Task to carry out
Return only these lines, exactly: the one containing "this 2576×1449 image." and every line after it in the listing.

Records provided
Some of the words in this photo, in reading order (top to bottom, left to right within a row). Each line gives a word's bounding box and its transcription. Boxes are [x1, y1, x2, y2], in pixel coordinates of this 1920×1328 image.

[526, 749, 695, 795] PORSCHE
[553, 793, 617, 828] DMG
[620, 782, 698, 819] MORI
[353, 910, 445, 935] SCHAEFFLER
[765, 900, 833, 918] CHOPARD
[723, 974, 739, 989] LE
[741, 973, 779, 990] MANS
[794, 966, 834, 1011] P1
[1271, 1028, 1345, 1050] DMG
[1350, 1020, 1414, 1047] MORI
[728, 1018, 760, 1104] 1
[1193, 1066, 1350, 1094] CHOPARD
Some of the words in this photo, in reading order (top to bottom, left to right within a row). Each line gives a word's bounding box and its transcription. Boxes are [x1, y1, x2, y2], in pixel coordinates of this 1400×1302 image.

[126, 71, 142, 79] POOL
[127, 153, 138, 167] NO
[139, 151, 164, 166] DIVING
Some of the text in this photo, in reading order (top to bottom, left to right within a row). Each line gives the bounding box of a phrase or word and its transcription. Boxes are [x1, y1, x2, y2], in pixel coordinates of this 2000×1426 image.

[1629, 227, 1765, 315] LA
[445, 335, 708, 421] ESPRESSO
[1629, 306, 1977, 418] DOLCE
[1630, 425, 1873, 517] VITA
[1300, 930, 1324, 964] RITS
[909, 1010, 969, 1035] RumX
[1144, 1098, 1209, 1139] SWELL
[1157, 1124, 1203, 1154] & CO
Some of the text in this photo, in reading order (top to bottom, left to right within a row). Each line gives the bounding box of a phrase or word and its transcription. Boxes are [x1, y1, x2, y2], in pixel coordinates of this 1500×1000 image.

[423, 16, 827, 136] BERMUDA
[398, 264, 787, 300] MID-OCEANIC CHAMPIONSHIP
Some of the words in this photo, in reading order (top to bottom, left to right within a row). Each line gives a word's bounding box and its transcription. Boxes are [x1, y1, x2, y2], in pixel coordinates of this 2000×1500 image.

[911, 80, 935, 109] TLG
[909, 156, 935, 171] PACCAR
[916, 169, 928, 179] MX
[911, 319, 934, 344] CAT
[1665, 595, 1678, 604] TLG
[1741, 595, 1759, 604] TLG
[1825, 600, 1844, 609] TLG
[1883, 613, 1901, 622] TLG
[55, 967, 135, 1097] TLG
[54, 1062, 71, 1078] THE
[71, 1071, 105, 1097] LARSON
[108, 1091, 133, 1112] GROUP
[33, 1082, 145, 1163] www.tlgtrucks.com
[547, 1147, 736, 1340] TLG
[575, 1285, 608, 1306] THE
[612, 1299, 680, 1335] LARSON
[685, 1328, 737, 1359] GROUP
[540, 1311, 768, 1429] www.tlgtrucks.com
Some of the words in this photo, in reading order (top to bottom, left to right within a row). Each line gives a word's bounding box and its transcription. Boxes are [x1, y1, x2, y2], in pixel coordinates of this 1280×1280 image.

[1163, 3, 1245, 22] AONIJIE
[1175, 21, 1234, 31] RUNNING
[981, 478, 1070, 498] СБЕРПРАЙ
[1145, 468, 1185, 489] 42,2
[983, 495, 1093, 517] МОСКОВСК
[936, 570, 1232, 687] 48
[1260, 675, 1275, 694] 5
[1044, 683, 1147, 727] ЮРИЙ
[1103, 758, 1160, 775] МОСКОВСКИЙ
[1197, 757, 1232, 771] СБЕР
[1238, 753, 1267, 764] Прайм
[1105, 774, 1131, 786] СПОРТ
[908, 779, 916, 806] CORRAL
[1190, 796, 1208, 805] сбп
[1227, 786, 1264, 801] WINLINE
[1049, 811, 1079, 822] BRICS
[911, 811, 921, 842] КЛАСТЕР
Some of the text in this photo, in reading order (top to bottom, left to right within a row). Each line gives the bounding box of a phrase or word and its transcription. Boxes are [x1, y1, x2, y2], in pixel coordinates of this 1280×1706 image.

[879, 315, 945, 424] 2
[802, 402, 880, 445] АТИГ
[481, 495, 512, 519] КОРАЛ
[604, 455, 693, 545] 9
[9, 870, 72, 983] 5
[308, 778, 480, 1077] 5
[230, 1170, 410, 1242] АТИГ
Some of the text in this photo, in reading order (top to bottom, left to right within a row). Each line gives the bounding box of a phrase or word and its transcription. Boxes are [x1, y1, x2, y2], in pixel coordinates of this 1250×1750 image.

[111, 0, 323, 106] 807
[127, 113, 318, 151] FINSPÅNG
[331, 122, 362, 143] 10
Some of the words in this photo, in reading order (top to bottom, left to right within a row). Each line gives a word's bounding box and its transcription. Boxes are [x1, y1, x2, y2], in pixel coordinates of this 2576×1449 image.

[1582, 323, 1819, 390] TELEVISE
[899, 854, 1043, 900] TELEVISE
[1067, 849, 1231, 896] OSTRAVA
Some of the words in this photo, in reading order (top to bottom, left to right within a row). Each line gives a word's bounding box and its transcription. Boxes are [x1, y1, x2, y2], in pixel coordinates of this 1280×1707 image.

The answer
Some of the words in this photo, in reading order (top to bottom, left to right within a row). Each line gives a word's bounding box and its transcription. Boxes are [x1, y1, x2, y2], in pixel coordinates of this 2576×1449 image.

[1582, 323, 1819, 390] TELEVISE
[899, 854, 1043, 900] TELEVISE
[1067, 849, 1231, 896] OSTRAVA
Some of the words in this photo, in reading order (top to bottom, left to right within a row). Each line gives a word's bounding box and its transcription. Boxes are [x1, y1, x2, y2], in pixel coordinates of this 1280×1707 image.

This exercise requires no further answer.